Whether a claimant has been successful in an action against a managed care entity for tortious conduct has depended in part upon the nature of the claimant’s health care plan. Managed care entities, contracting with employee benefit plans to administer health care, have been successful to varying degrees, depending upon the jurisdiction, in avoiding liability for violations of state statutory and common law. In many of those cases, courts have held that state law is preempted by the federal law, commonly referred to as ERISA, even though that law was not designed to provide an alternative code for compensating injured persons for such tortious conduct.

ERISA is the federal Employee Retirement Income Security Act of 1974, 29 U. S. C. s.1001 *et seq*. It comprehensively regulates the administration of employee pension and welfare plans which provide employee “medical, surgical, or hospital care or benefits, or benefits in the event of sickness, accident disability [or] death.” It does not regulate the substantive content of such plans. It does, however, contain a broad pre-emption provision declaring that the statute shall “supersede any and all State laws insofar as they may now or hereafter relate to any employee benefit plan”. s.514(a) On the other hand, it contains an “insurance savings clause”at s 514 (b)(2)(A) which, with one exception, provides that nothing in ERISA “shall be construed to exempt or relieve any person from any law of any State which regulates insurance, banking , or securities.” The one exception to the insurance savings clause is if the employer self insures.

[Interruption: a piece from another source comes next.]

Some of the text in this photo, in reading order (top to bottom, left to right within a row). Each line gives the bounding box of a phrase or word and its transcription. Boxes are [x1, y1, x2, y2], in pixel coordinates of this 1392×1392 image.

A self insured employer may contract with a managed care entity to serve as its agent to administer its plan so long as the risk of loss is on the employer rather than on the insurance company, and avoid regulation by state insurance laws. Managed care entities contracting with self insured employers under ERISA plans have consequently been able to avoid, to varying extents, liability under state law and state insurance regulations, by contending that they are just agents of the employer and protected under the ERISA preemption.

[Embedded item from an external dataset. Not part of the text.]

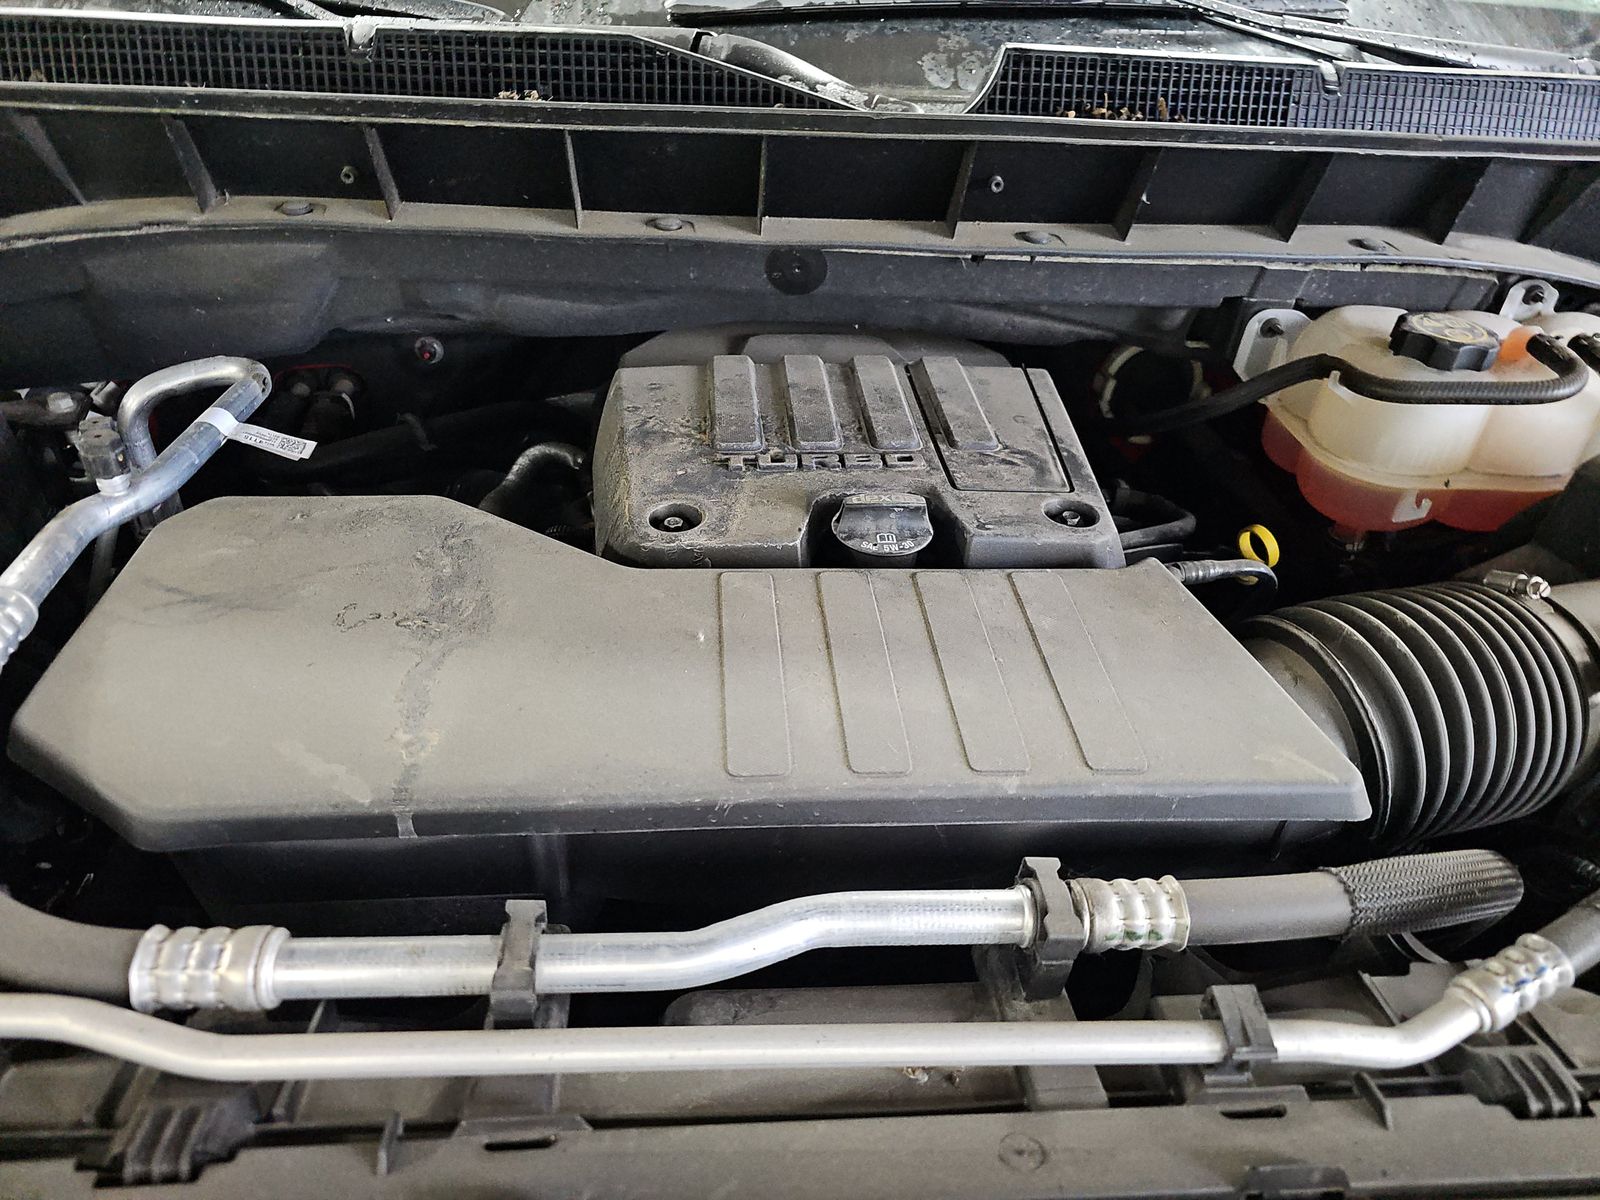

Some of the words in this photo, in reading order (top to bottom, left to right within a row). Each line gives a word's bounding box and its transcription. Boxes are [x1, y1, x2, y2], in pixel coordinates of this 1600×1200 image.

[716, 453, 927, 472] TURBO
[861, 541, 879, 551] SAE
[884, 540, 914, 551] 5W-30

There are hundreds of court decisions, many of which are inconsistent, interpreting the scope of the ERISA pre-emption. Nevertheless, one can draw some generalities as to the types of claims against managed care entities serving as agents of employee pension and welfare plans which courts have usually found to be pre-empted by ERISA, and those which are usually found to avoid preemption.

The broad preemption language in ERISA has been successfully used by managed care entities to defend claims based upon laws which regulate the type of benefits or terms of the plan; which create reporting, disclosure, funding or vesting requirements; which provide rules for the calculation of the amount of benefits to be paid under the plan; and which provide remedies for misconduct growing out of the administration of the plan itself. *National Elev. Indus., Inc v. Calhoun*, 957 F.2d 1555 (10th Cir. ), cert denied, 506 U.S. 953, 113 S.Ct. 406, 121 L.Ed 2d 331 (1992).

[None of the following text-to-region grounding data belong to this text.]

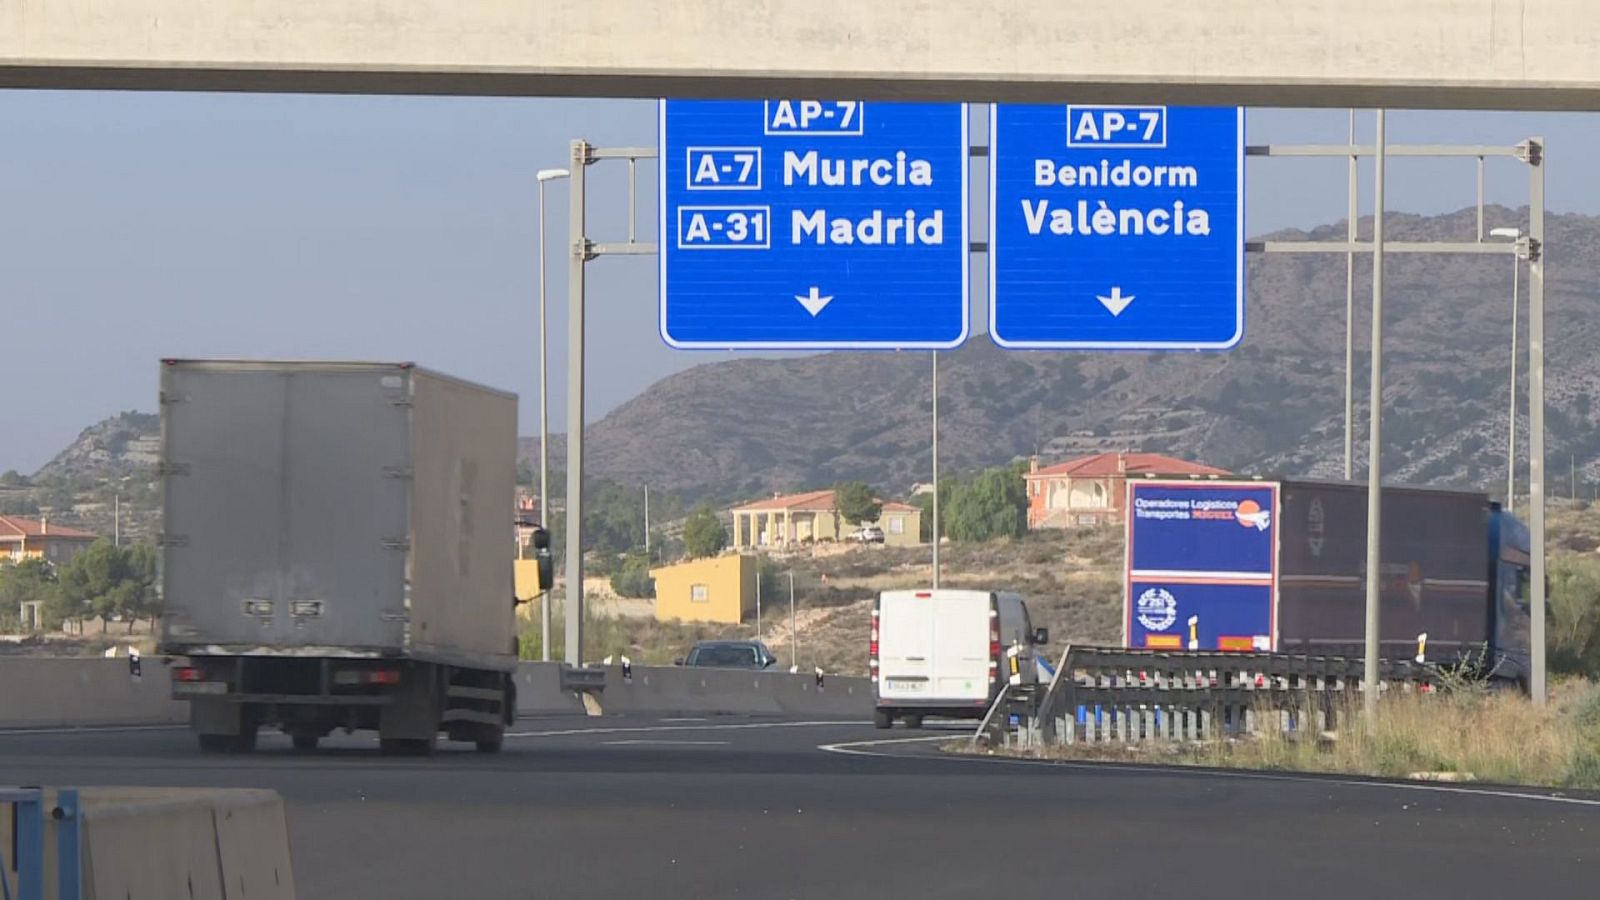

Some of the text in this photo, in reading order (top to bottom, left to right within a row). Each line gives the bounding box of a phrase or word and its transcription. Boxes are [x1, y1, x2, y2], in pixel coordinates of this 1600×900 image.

[772, 100, 857, 129] AP-7
[1073, 111, 1160, 140] AP-7
[694, 150, 934, 186] A-7 Murcia
[1035, 158, 1198, 187] Benidorm
[686, 209, 943, 245] A-31 Madrid
[1021, 199, 1211, 236] València
[1135, 498, 1190, 509] Operadores
[1136, 508, 1190, 519] Transportes

In this regard, claims for breach of contract, and liability for the managed care entity refusing to pay for certain equipment under the benefits plan have been deemed pre-empted by ERISA. *Elsesser v. Hospital of Philadelphia College*, 802 F.Supp. 1286 (E.D. Pa. 1992).

Also deemed pre-empted have been claims against managed care entities for denying certain benefits to participants. See, e.g. *Corcoran v. United HealthCare, Inc.*, 965 F.2d 1321 (5th Cir. 1992); *Kuhl v. Lincoln Health Plan of Kansas*, 999 F.2d 298 (8th Cir. 1993).

When states adopted laws to protect against so-called drive-through deliveries, by requiring managed care entities to pay for specified minimum hospital stays for mothers and their newborns, those protections initially only extended to women who were not covered by an ERISA plan by reason of the pre-emption. Complaints over such uneven application led Congress to amend ERISA to require that all ERISA health plans offering childbirth benefits pay for hospital stays of at least 48 hours after a normal vaginal delivery and 96 hours after a cesarean section. (Newborns’ and Mothers’ Protection Act of 1996, Public law 104-204, September 26, 1996) While that legislation helped provide uniform protection to mothers of newborns, it underscored the preemptive application of ERISA as it applies to the provision of benefits.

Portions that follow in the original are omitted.